In che senso si può parlare,allora, di un Cristo “siciliano”?
Nella cultura e nella pietà popolare siciliana esiste una interpretazione e un vissuto della figura di Gesù-Cristo che è caratterizzata da tratti propri. L’aggettivo “siciliano” ci dice qualcosa di culturalmente significativo,cioè a dire la cultura siciliana ha “segnato” la figura del Cristo con alcuni suoi tratti specifici. Questo “Cristo siciliano” sarebbe in opposizione a quello della predicazione ufficiale della Chiesa, dei dogmi e della liturgia?Addirittura lo si potrebbe considerare un Cristo fuori dalla Chiesa cattolica o,addirittura, contro di essa?Un “Evangelium extra ecclesiam?”

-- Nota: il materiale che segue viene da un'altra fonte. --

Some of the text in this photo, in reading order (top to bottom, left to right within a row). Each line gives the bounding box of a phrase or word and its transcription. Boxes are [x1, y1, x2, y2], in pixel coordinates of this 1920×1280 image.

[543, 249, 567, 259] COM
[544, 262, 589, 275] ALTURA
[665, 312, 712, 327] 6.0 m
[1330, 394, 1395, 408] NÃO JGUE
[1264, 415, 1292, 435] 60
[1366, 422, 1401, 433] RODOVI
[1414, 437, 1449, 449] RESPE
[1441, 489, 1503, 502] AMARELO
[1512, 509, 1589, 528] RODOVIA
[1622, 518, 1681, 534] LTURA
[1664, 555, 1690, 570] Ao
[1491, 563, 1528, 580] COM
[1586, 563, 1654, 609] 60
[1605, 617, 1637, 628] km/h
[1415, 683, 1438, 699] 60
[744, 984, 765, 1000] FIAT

Secondo le tesi di alcuni studiosi il “Cristo siciliano” potrebbe benissimo essere considerato il Cristo delle classi deboli e oppresse o, come dice Gramsci, delle classi popolari che sono “strumentali e subalterne”. Molti studiosi,di indirizzo marxista, infatti, sostengono che la religiosità popolare ,che trova il proprio culmine nei riti della Settimana Santa, sarebbe l’espressione di un cristianesimo vissuto fuori dalla Chiesa e di un “Cristo-popolare” oggetto di un conflitto esistente, di fatto, tra la gerarchia cattolica e il popolo credente.
Stanno davvero così le cose? La risposta negativa si evince, meravigliosamente, da ciò che avviene ogni anno a Vallelunga che ci aiuta a cogliere il fatto che la pietà popolare,quella legata,anche, ai riti della Settimana Santa e della Pasqua, in Sicilia, ha un’anima teologica;cioè l’humsus,il terreno in cui essa affonda le radici è costituito dalle grandi verità proprie del cattolicesimo credute,comprese (attraverso un cammino di “intellectus fidei”),celebrate e vissute.

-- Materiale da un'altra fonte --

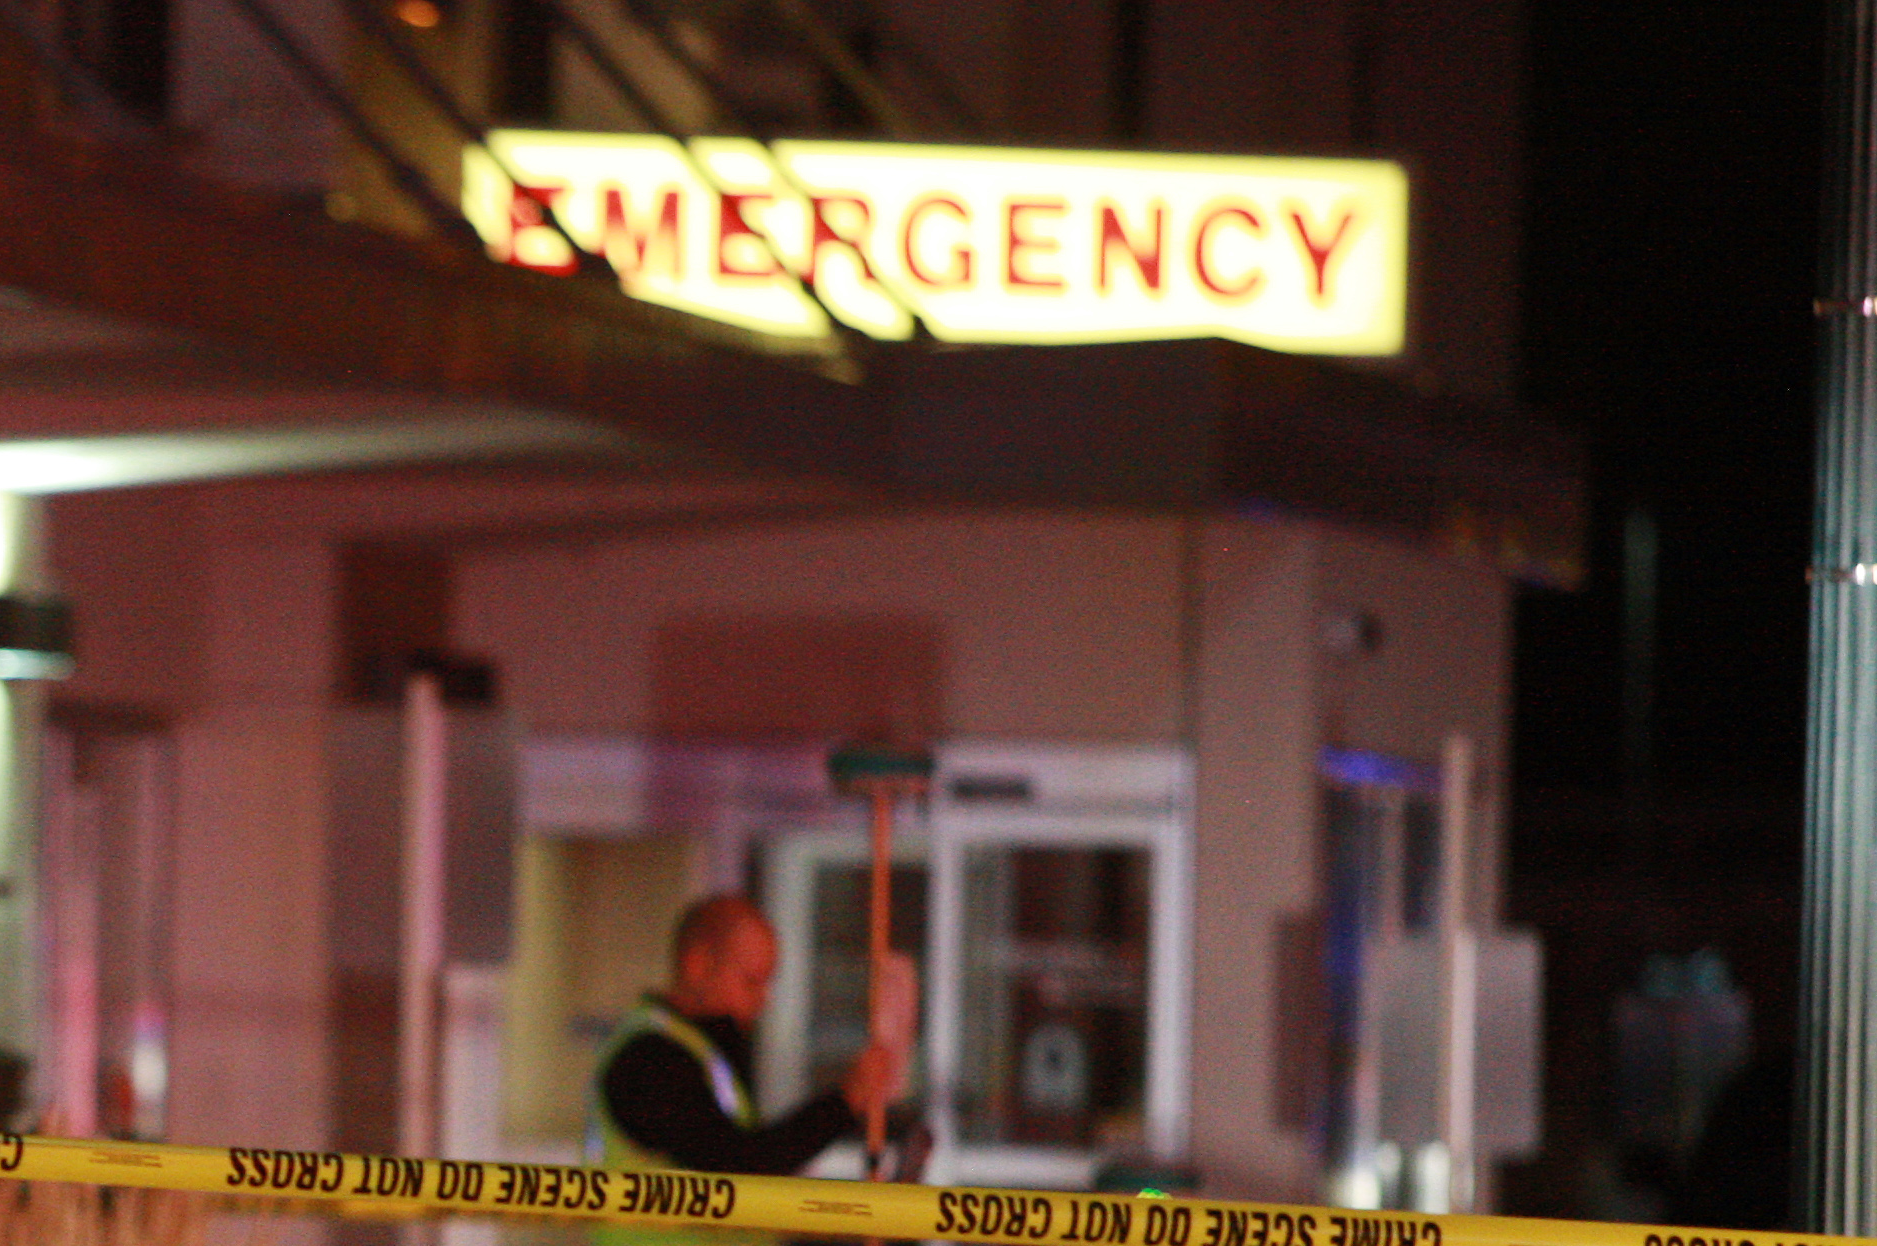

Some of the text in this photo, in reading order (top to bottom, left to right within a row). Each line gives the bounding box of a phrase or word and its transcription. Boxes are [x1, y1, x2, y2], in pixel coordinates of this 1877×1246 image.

[509, 183, 1355, 303] EMERGENCY
[226, 1147, 736, 1219] CRIME SCENE DO NOT CROSS
[935, 1191, 1053, 1239] CROSS
[1061, 1198, 1133, 1244] NOT

Non c’è,dunque, nessun conflitto tra la Chiesa “gerarchica” e il popolo credente, per il semplice motivo che anche la gerarchia cattolica partecipa ai riti extraliturgici della Settimana Santa.
Dove sta allora l’equivoco?proprio nel significato che si dà al termine “pietà popolare” intesa non come esperienza di fede del popolo credente ma come momento di opposizione delle classi subalterne alle classi colte e,soprattutto,alla religione “ufficiale”. Dunque una lettura sociologica e non teologica del fenomeno.

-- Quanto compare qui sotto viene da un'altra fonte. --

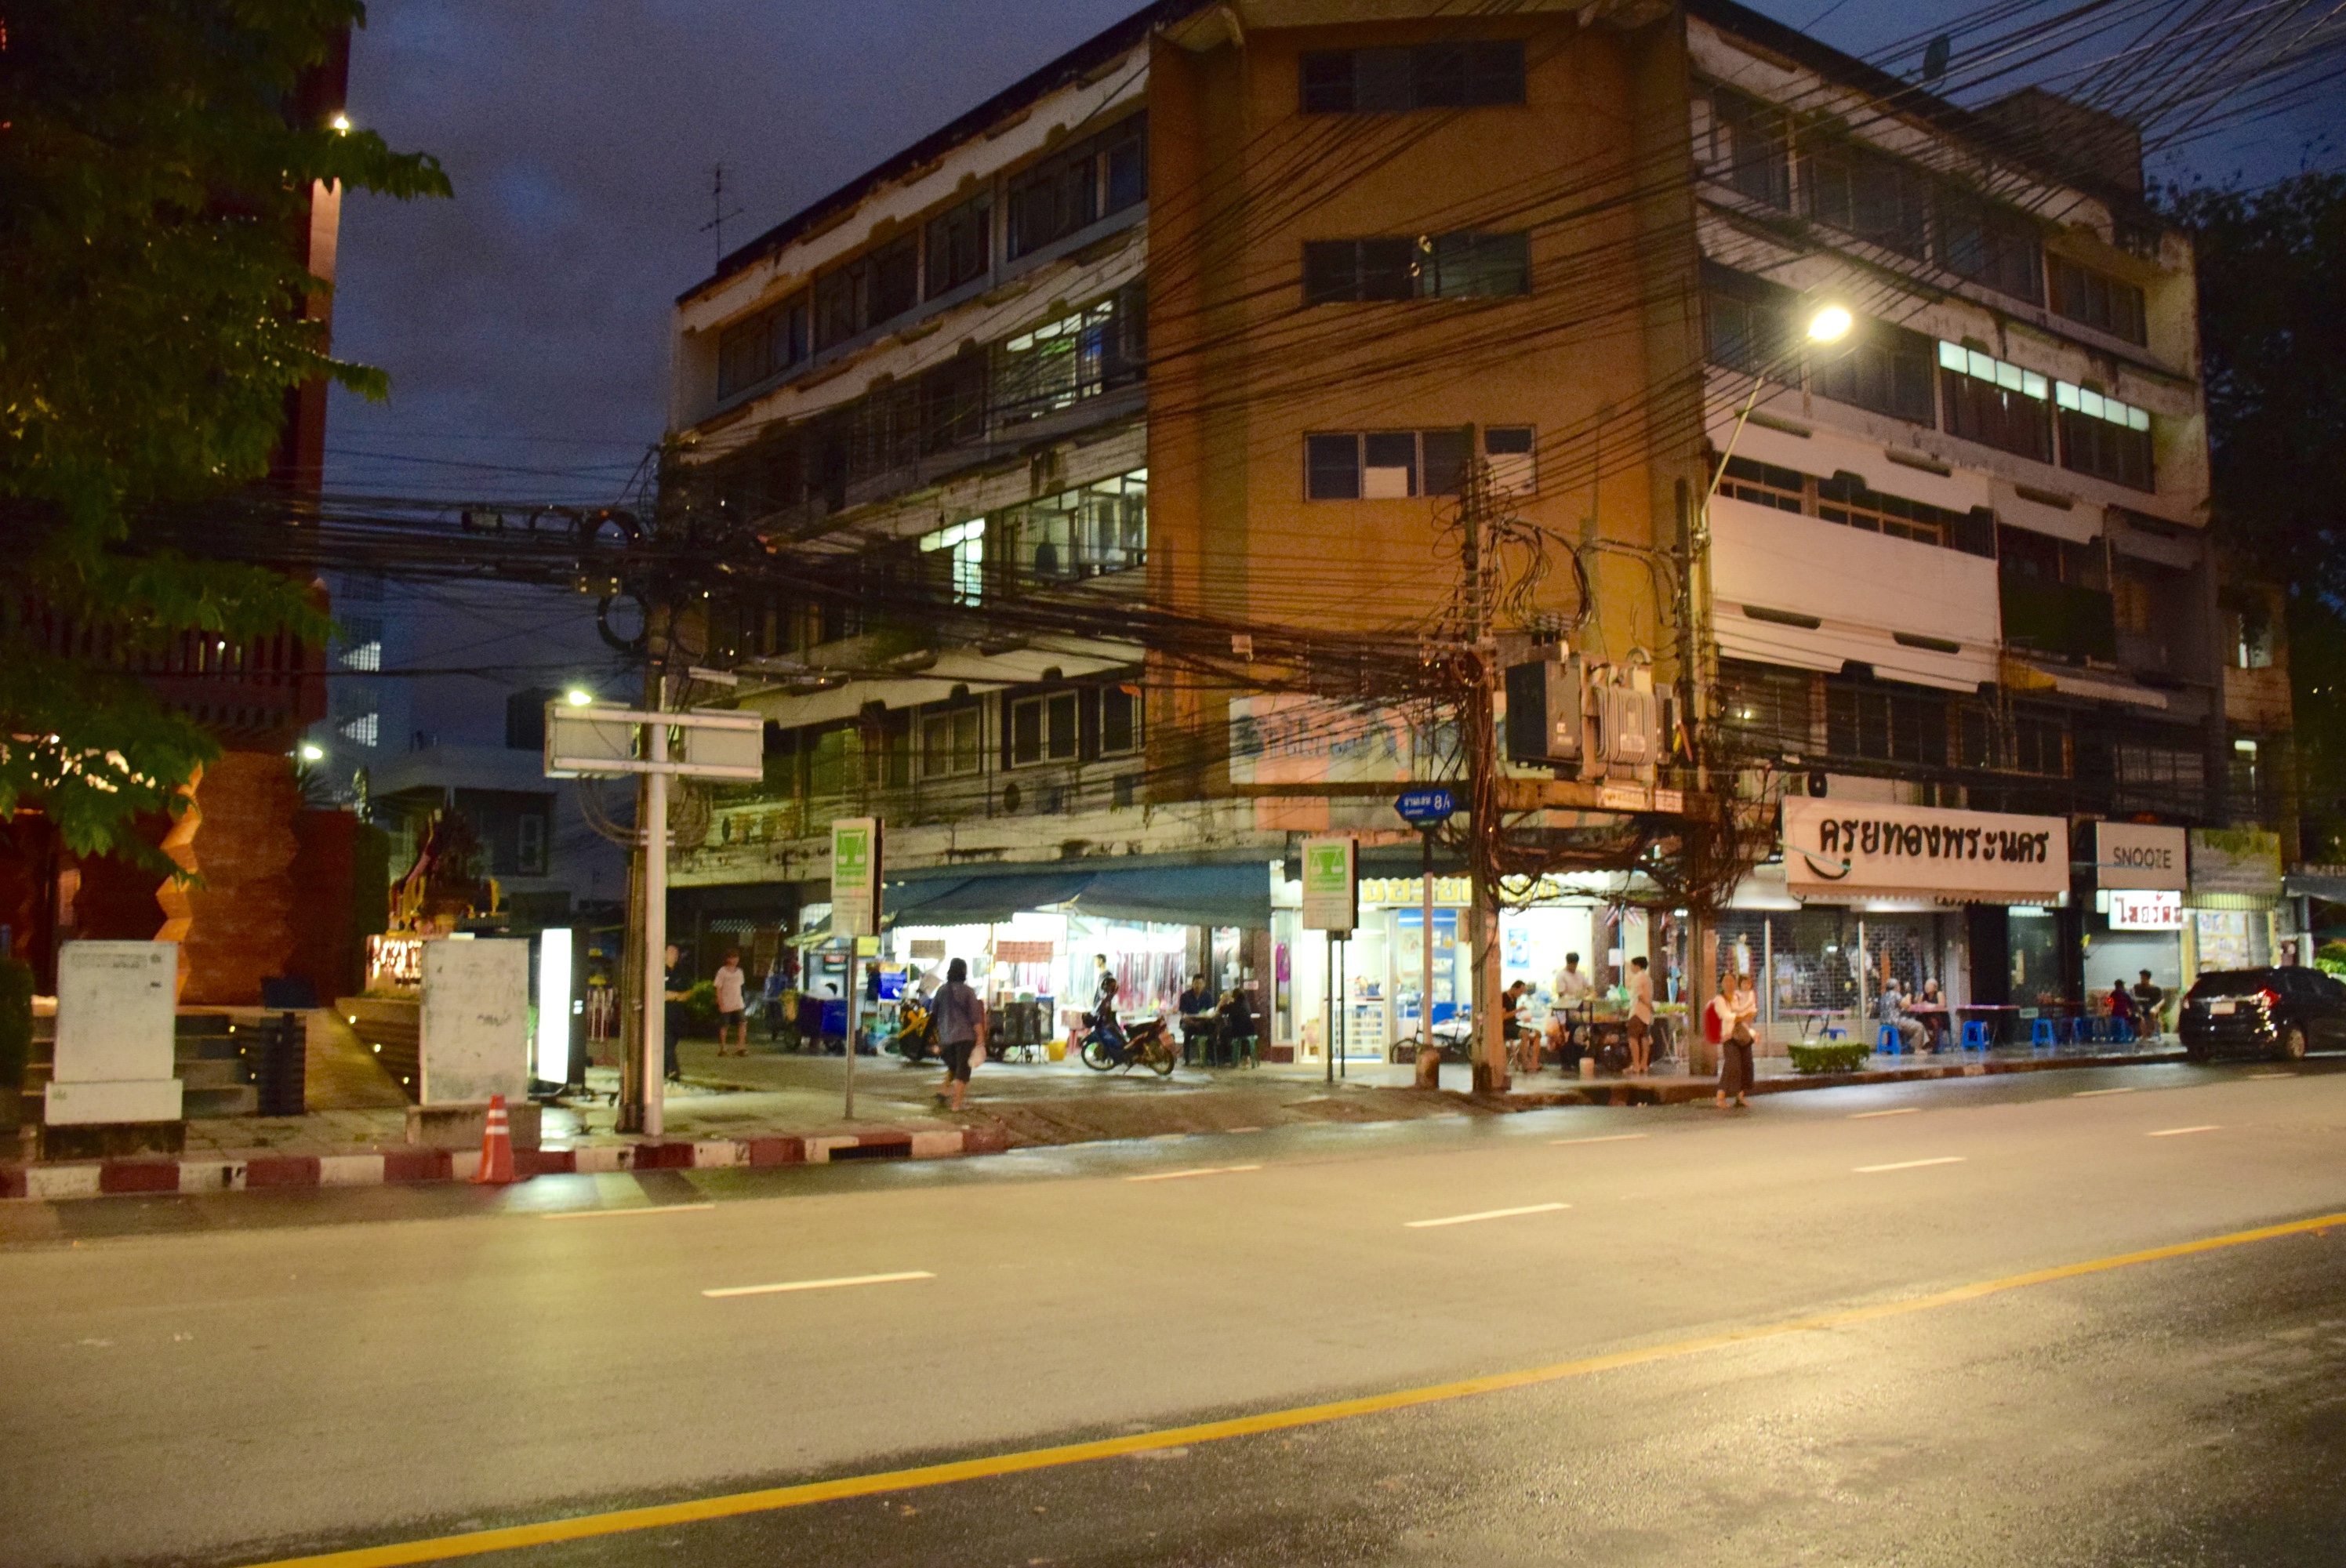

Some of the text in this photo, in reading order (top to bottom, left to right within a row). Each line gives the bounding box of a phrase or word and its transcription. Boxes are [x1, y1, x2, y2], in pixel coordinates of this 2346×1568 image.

[1806, 818, 2050, 879] ครุยทองพระนคร
[2112, 846, 2171, 869] SNOOZE

Quali sono,allora, le caratteristiche del “Cristo siciliano”in relazione agli eventi della Settimana Santa e della Pasqua?
Il siciliano è uno che vuole vedere e toccare,è fondamentale per il siciliano la RES,la cosa,(pensiamo alla tematica verghiana della roba) e tutto ciò perché il siciliano ha alle sue spalle una esperienza storica tragica, poichè ha visto decine e decine di colonizzatori venire nell’isola e, spesso, maltrattare il popolo. Tutto ciò lo ha spinto a proiettare questa sofferenza, accumulata nei secoli, nell’attaccamento alla res,spesso anche con modalità eccessive e devianti, come si configura il fenomeno mafioso. Come se la “materialità” delle cose lo salvasse dall’insicurezza e dalla sofferenza accumulate nei secoli.
Questa mentalità della Res,nel senso migliore del termine , cioè cosa vissuta,esperienza fatta, viene applicata anche nel vissuto religioso del siciliano. In questa cementificazione di quotidianità sofferta,la Sicilia celebra la cultura della sofferenza e in tutti i paesi dell’isola la Settimana Santa costituisce l’approdo di un modello irrepetibile verace,insostituibile salvataggio. Il Siciliano trova, negli eventi,liturgici ed extraliturgici della Settimana Santa, la teologia della kènosis,ossia il fatto che Dio non ha disdegnato di farsi Uomo e di assumere su di se’ tutta la sofferenza,fisica e morale,del genere umano.
Infatti in Sicilia è forte la concentrazione sul “Corpo di Cristo”. L’attenzione,la contemplazione del corpo di Cristo va dal Gesù-Bambino a tutta la vicenda della passione-morte-resurrezione, con particolare attenzione al corpo di Cristo deposto dalla croce e sepolto.
Il corpo di Gesù-Cristo non è mai solo, ma viene associato a quello della madre,dalla culla alla tomba. E’ l’insieme dei due corpi che costituisce il cuore della Pietas proprio del Venerdì Santo,al punto tale che in alcune circostanze i due simulacri si fondono quasi a divenire una sola cosa,cosicché il siciliano non concepisce il corpo di Gesù-Cristo se non associato a quello della madre. I due corpi vengono associati nel dolore del Venerdì Santo e nella gioia della Domenica di Pasqua, allorquando la Madre ritrova il figlio risorto:l’Incontro che si celebra in molti comuni dell’isola proprio la mattina di Pasqua.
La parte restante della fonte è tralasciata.